• [WORKING DATA]:
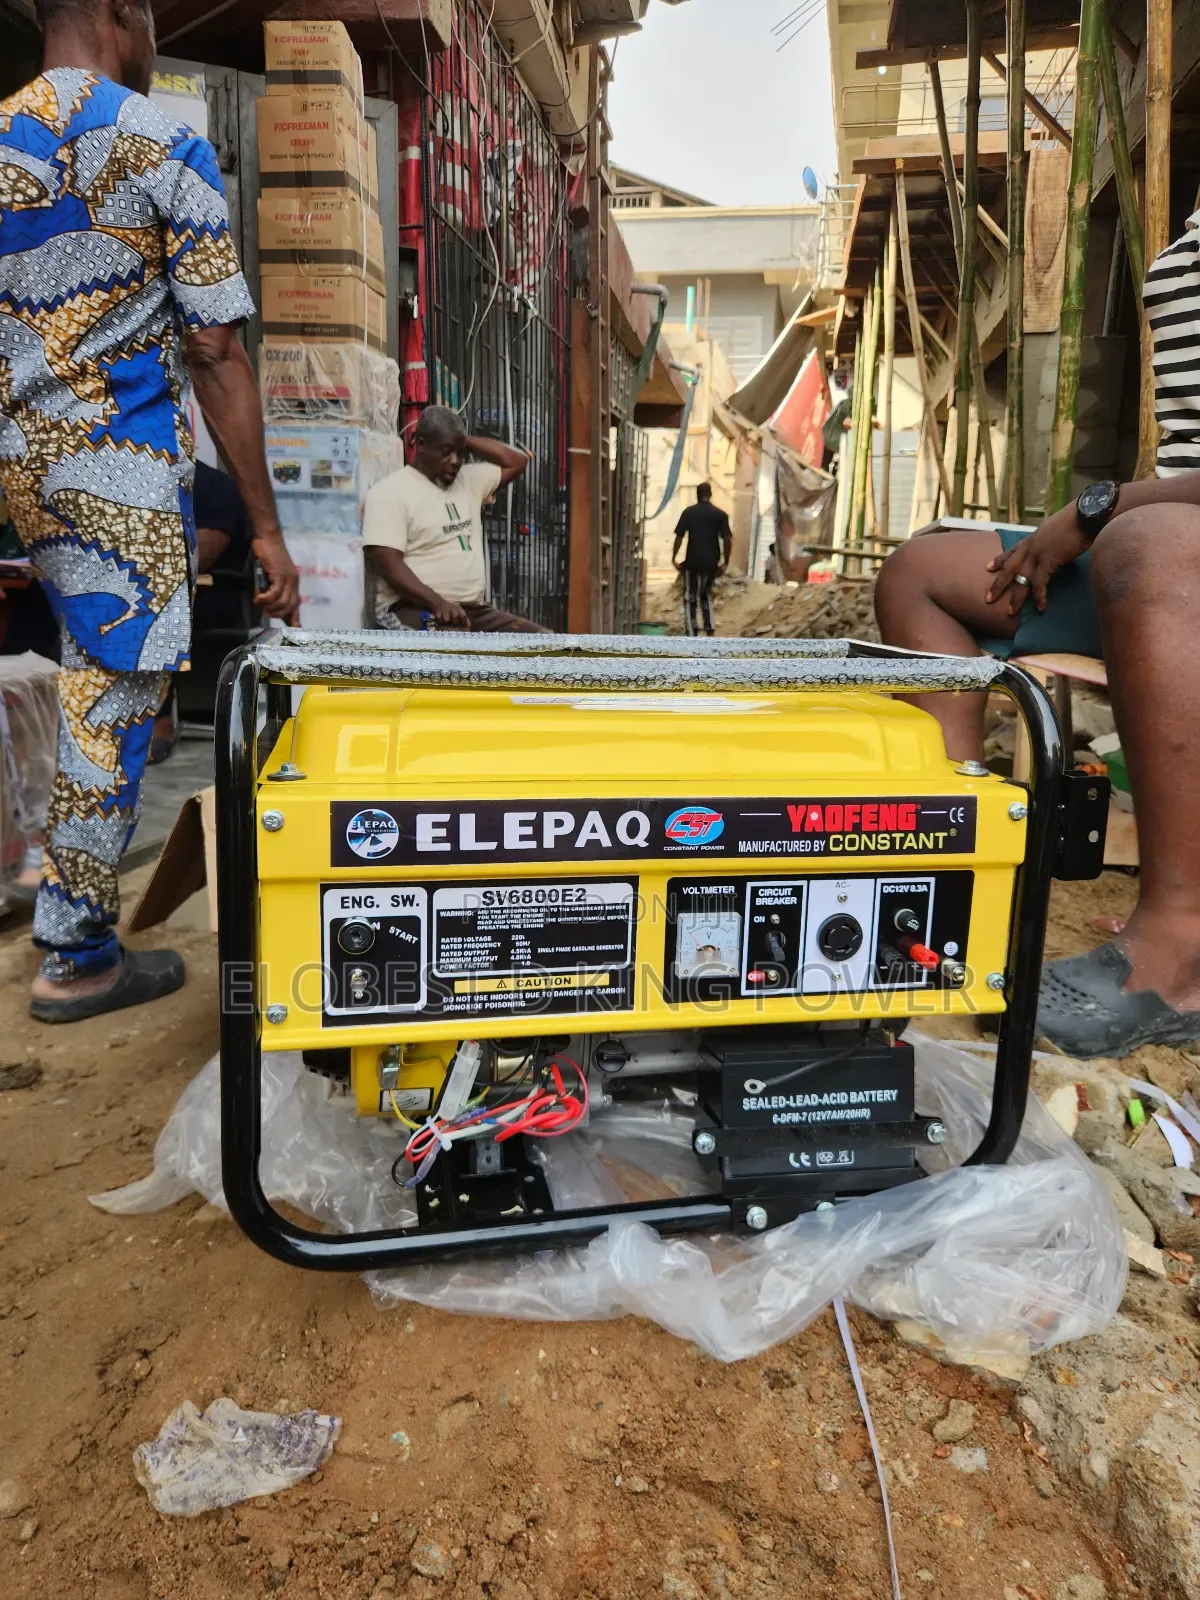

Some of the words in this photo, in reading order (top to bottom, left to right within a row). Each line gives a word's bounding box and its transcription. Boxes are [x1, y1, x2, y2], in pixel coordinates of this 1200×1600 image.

[415, 810, 651, 852] ELEPAQ
[738, 840, 812, 853] MANUFACTURED
[813, 839, 826, 852] BY
[682, 886, 736, 895] VOLTMETER
[758, 888, 793, 897] CIRCUIT
[340, 895, 380, 909] ENG.
[390, 894, 420, 908] SW.
[481, 887, 587, 907] SV6800E2
[755, 896, 798, 906] BREAKER
[753, 915, 766, 924] ON
[388, 925, 419, 945] START
[516, 977, 572, 988] CAUTION
[748, 973, 765, 981] OFF
[525, 991, 541, 999] DUE
[553, 989, 584, 997] DANGER
[596, 987, 626, 995] CARBON
[443, 1003, 483, 1011] MONOXIDE
[484, 1001, 526, 1009] POISONING
[742, 1092, 849, 1110] SEALED-LEAD-ACID
[849, 1089, 899, 1102] BATTERY

• [YOUR INSTRUCTIONS]: Transcribe the data exactly, minus any images.

• [RESPONSE AREA]:
Some of the words in this photo, in reading order (top to bottom, left to right within a row). Each line gives a word's bounding box and its transcription. Boxes are [x1, y1, x2, y2], in pixel coordinates of this 1200×1600 image.

[415, 810, 651, 852] ELEPAQ
[738, 840, 812, 853] MANUFACTURED
[813, 839, 826, 852] BY
[682, 886, 736, 895] VOLTMETER
[758, 888, 793, 897] CIRCUIT
[340, 895, 380, 909] ENG.
[390, 894, 420, 908] SW.
[481, 887, 587, 907] SV6800E2
[755, 896, 798, 906] BREAKER
[753, 915, 766, 924] ON
[388, 925, 419, 945] START
[516, 977, 572, 988] CAUTION
[748, 973, 765, 981] OFF
[525, 991, 541, 999] DUE
[553, 989, 584, 997] DANGER
[596, 987, 626, 995] CARBON
[443, 1003, 483, 1011] MONOXIDE
[484, 1001, 526, 1009] POISONING
[742, 1092, 849, 1110] SEALED-LEAD-ACID
[849, 1089, 899, 1102] BATTERY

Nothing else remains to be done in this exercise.